When Both Make Sense
Many companies successfully run both platforms. Marketing owns Mailchimp for campaigns and newsletters. Engineering owns Mailgun for transactional email and application notifications. If your organization has both teams and separate budgets, this split can work well.
Use-case matchups
| Use case | Better fit | Why |
|---|---|---|
| Marketer-run campaigns and newsletters | Mailchimp | Mailchimp has visual campaign tools, audiences, templates, forms, and automation. |
| Developer-owned transactional email | Mailgun | Mailgun has API/SMTP delivery, validation, inbound parsing, and developer tooling. |
| No-code marketing workflows | Mailchimp | Mailchimp does not require engineers to operate campaigns. |
| Application email infrastructure | Mailgun | Mailgun is built for product and infrastructure teams. |
| SaaS marketing plus transactional email | Sequenzy | Sequenzy is better when both email types and Stripe lifecycle automation should be unified. |
Pricing reality
Mailgun is cheaper for raw sending, but it is not a marketing platform. Mailchimp costs more because it includes campaign operations, audience management, and a visual workflow. If you use both, include the cost of two vendors, two integrations, and split analytics.
Review signals
The reviews on this page show a common pattern: Mailchimp owns marketing while Mailgun owns application email. The tradeoff is organizational complexity.
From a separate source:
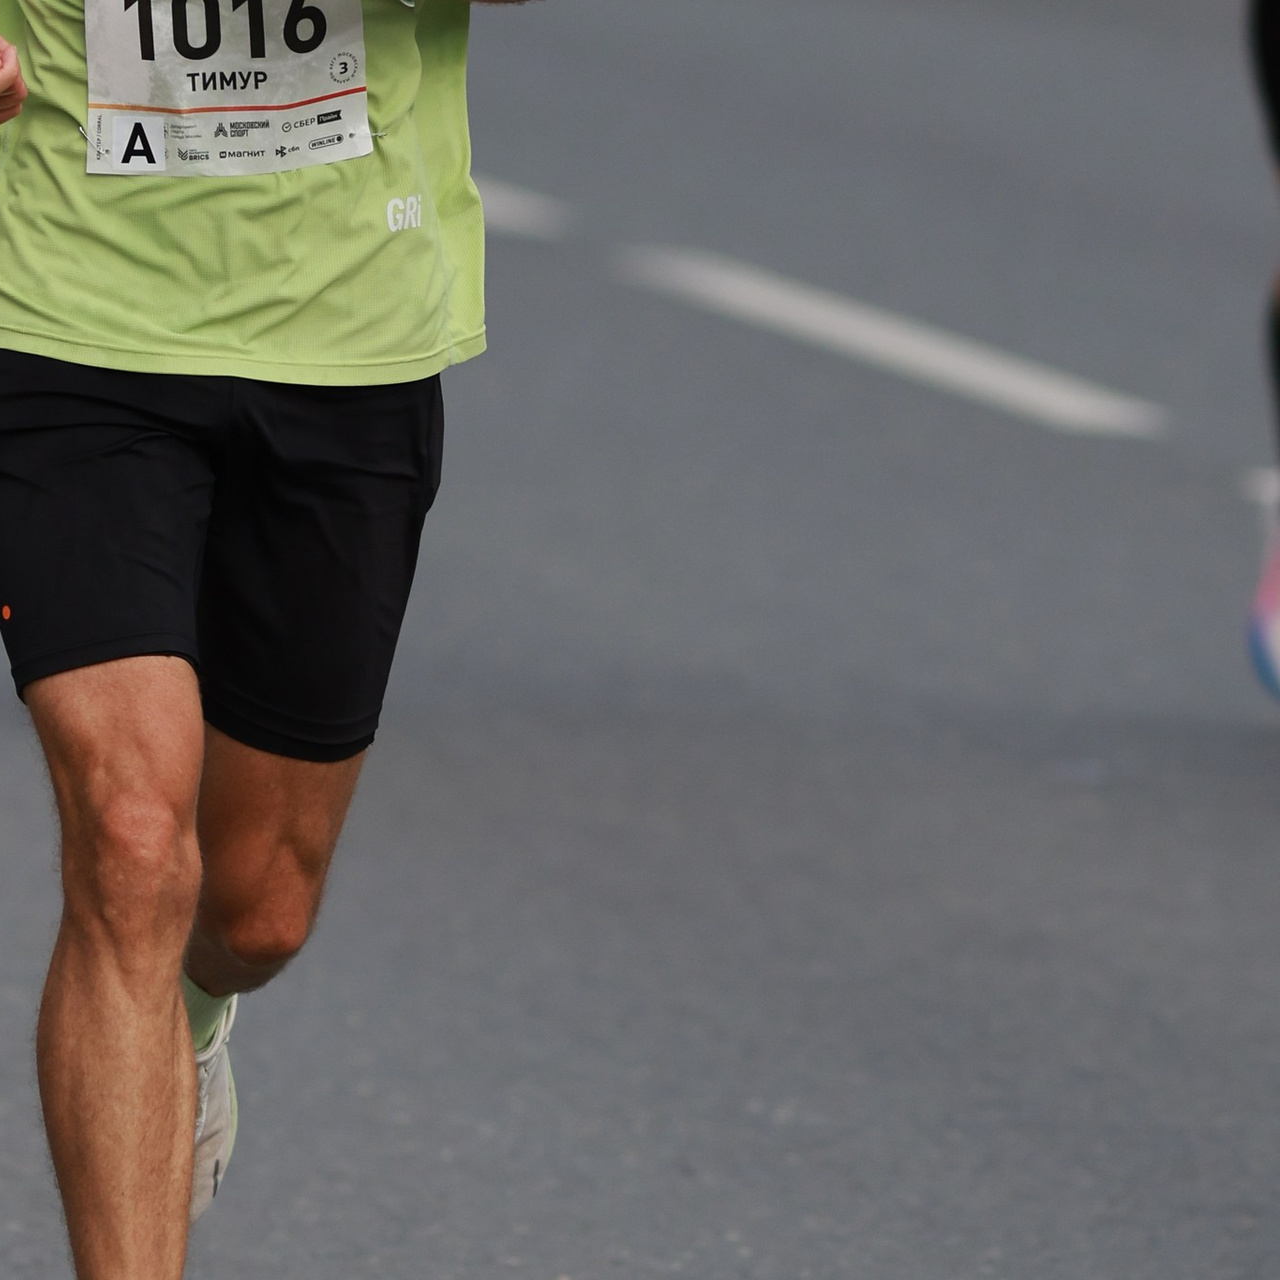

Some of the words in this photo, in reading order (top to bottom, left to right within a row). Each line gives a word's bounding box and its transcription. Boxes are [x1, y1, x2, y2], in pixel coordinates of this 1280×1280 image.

Teams should read reviews for the exact surface they need: marketer usability for Mailchimp, API reliability and deliverability management for Mailgun.
Migration checklist
| Step | Moving to Mailchimp | Moving to Mailgun | Moving to Sequenzy |
|---|---|---|---|
| Scope | Confirm campaigns, audiences, forms, templates, automations, and reporting. | Confirm transactional templates, API/SMTP needs, inbound parsing, validation, and webhooks. | Confirm SaaS contacts, campaigns, transactional templates, and Stripe events. |
| Data export | Export contacts, audiences, templates, automations, and suppression records. | Export templates, domains, routes, suppression lists, webhooks, and API mappings. | Export contacts, lifecycle fields, billing IDs, and suppression records. |
| Rebuild workflows | Rebuild campaigns, forms, landing pages, and automations. | Rebuild API/SMTP calls, inbound routes, validation checks, bounces, and complaints. | Rebuild campaign, transactional, and billing-triggered workflows together. |
| QA | Test imports, campaigns, automations, reporting, and unsubscribes. | Test domain auth, bounces, complaints, inbound parsing, validation, and webhooks. | Test campaign, transactional, and Stripe-triggered paths end to end. |
Decision checklist
- Choose Mailchimp if marketers need no-code campaign tools and audience management.
- Choose Mailgun if engineers need flexible email infrastructure and API-first sending.
- Choose Sequenzy if a SaaS team wants marketing and transactional email in one Stripe-aware stack.